▶ WORK REQUIRED: Repeat, exactly and completely, the entries shown underneath.

Saved entries
- Opening Delimiter -
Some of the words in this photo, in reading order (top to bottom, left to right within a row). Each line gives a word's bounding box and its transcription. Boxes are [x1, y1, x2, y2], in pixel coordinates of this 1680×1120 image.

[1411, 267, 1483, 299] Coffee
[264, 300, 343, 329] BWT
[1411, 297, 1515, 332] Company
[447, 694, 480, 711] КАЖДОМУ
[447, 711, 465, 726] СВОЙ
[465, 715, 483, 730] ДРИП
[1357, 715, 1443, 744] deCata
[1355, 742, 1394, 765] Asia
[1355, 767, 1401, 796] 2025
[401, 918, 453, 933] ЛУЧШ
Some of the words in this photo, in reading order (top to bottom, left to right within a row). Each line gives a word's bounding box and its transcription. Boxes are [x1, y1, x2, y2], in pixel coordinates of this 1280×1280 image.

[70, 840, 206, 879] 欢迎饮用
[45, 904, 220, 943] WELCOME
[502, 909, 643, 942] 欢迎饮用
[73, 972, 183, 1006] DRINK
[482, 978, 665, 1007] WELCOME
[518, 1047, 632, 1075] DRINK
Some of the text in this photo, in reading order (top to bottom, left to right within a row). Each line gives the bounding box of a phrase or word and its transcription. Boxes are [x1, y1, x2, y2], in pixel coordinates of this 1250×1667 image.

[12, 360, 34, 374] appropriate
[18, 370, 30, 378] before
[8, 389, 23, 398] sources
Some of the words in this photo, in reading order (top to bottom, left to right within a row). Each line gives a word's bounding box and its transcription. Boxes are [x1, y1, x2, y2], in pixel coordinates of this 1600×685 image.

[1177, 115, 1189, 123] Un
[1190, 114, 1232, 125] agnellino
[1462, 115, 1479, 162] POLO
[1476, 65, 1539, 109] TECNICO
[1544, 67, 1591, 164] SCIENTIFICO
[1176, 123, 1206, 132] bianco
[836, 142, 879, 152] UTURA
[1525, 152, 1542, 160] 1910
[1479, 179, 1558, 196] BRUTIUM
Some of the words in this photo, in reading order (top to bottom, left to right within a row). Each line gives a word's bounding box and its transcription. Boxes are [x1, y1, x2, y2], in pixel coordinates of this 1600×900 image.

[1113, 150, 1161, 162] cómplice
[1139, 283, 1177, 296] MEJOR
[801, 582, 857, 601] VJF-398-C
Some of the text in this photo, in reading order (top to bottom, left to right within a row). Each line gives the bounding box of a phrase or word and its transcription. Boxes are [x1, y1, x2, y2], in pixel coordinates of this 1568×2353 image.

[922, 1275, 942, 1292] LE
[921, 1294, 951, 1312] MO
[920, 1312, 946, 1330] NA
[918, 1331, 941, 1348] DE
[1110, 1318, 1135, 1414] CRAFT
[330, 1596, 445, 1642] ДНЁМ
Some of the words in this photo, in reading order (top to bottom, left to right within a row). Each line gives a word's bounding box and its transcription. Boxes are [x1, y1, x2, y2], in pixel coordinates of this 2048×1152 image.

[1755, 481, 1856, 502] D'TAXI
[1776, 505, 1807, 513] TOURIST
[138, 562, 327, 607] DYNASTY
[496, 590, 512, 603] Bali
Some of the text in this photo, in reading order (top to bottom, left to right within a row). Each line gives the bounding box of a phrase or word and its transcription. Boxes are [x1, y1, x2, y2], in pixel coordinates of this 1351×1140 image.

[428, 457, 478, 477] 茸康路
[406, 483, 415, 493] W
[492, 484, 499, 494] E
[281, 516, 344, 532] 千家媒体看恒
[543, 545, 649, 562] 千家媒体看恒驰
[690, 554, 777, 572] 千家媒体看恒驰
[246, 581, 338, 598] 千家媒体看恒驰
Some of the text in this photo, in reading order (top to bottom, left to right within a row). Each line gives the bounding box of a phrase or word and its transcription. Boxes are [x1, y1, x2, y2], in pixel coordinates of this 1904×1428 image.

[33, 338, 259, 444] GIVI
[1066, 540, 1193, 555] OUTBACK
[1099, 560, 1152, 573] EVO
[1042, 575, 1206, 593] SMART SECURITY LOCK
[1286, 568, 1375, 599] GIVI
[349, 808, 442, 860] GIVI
- Closing Delimiter -
▶ ANSWER TO THE EXERCISE:
Some of the words in this photo, in reading order (top to bottom, left to right within a row). Each line gives a word's bounding box and its transcription. Boxes are [x1, y1, x2, y2], in pixel coordinates of this 1680×1120 image.

[1411, 267, 1483, 299] Coffee
[264, 300, 343, 329] BWT
[1411, 297, 1515, 332] Company
[447, 694, 480, 711] КАЖДОМУ
[447, 711, 465, 726] СВОЙ
[465, 715, 483, 730] ДРИП
[1357, 715, 1443, 744] deCata
[1355, 742, 1394, 765] Asia
[1355, 767, 1401, 796] 2025
[401, 918, 453, 933] ЛУЧШ
Some of the words in this photo, in reading order (top to bottom, left to right within a row). Each line gives a word's bounding box and its transcription. Boxes are [x1, y1, x2, y2], in pixel coordinates of this 1280×1280 image.

[70, 840, 206, 879] 欢迎饮用
[45, 904, 220, 943] WELCOME
[502, 909, 643, 942] 欢迎饮用
[73, 972, 183, 1006] DRINK
[482, 978, 665, 1007] WELCOME
[518, 1047, 632, 1075] DRINK
Some of the text in this photo, in reading order (top to bottom, left to right within a row). Each line gives the bounding box of a phrase or word and its transcription. Boxes are [x1, y1, x2, y2], in pixel coordinates of this 1250×1667 image.

[12, 360, 34, 374] appropriate
[18, 370, 30, 378] before
[8, 389, 23, 398] sources
Some of the words in this photo, in reading order (top to bottom, left to right within a row). Each line gives a word's bounding box and its transcription. Boxes are [x1, y1, x2, y2], in pixel coordinates of this 1600×685 image.

[1177, 115, 1189, 123] Un
[1190, 114, 1232, 125] agnellino
[1462, 115, 1479, 162] POLO
[1476, 65, 1539, 109] TECNICO
[1544, 67, 1591, 164] SCIENTIFICO
[1176, 123, 1206, 132] bianco
[836, 142, 879, 152] UTURA
[1525, 152, 1542, 160] 1910
[1479, 179, 1558, 196] BRUTIUM
Some of the words in this photo, in reading order (top to bottom, left to right within a row). Each line gives a word's bounding box and its transcription. Boxes are [x1, y1, x2, y2], in pixel coordinates of this 1600×900 image.

[1113, 150, 1161, 162] cómplice
[1139, 283, 1177, 296] MEJOR
[801, 582, 857, 601] VJF-398-C
Some of the text in this photo, in reading order (top to bottom, left to right within a row). Each line gives the bounding box of a phrase or word and its transcription. Boxes are [x1, y1, x2, y2], in pixel coordinates of this 1568×2353 image.

[922, 1275, 942, 1292] LE
[921, 1294, 951, 1312] MO
[920, 1312, 946, 1330] NA
[918, 1331, 941, 1348] DE
[1110, 1318, 1135, 1414] CRAFT
[330, 1596, 445, 1642] ДНЁМ
Some of the words in this photo, in reading order (top to bottom, left to right within a row). Each line gives a word's bounding box and its transcription. Boxes are [x1, y1, x2, y2], in pixel coordinates of this 2048×1152 image.

[1755, 481, 1856, 502] D'TAXI
[1776, 505, 1807, 513] TOURIST
[138, 562, 327, 607] DYNASTY
[496, 590, 512, 603] Bali
Some of the text in this photo, in reading order (top to bottom, left to right within a row). Each line gives the bounding box of a phrase or word and its transcription. Boxes are [x1, y1, x2, y2], in pixel coordinates of this 1351×1140 image.

[428, 457, 478, 477] 茸康路
[406, 483, 415, 493] W
[492, 484, 499, 494] E
[281, 516, 344, 532] 千家媒体看恒
[543, 545, 649, 562] 千家媒体看恒驰
[690, 554, 777, 572] 千家媒体看恒驰
[246, 581, 338, 598] 千家媒体看恒驰
Some of the text in this photo, in reading order (top to bottom, left to right within a row). Each line gives the bounding box of a phrase or word and its transcription. Boxes are [x1, y1, x2, y2], in pixel coordinates of this 1904×1428 image.

[33, 338, 259, 444] GIVI
[1066, 540, 1193, 555] OUTBACK
[1099, 560, 1152, 573] EVO
[1042, 575, 1206, 593] SMART SECURITY LOCK
[1286, 568, 1375, 599] GIVI
[349, 808, 442, 860] GIVI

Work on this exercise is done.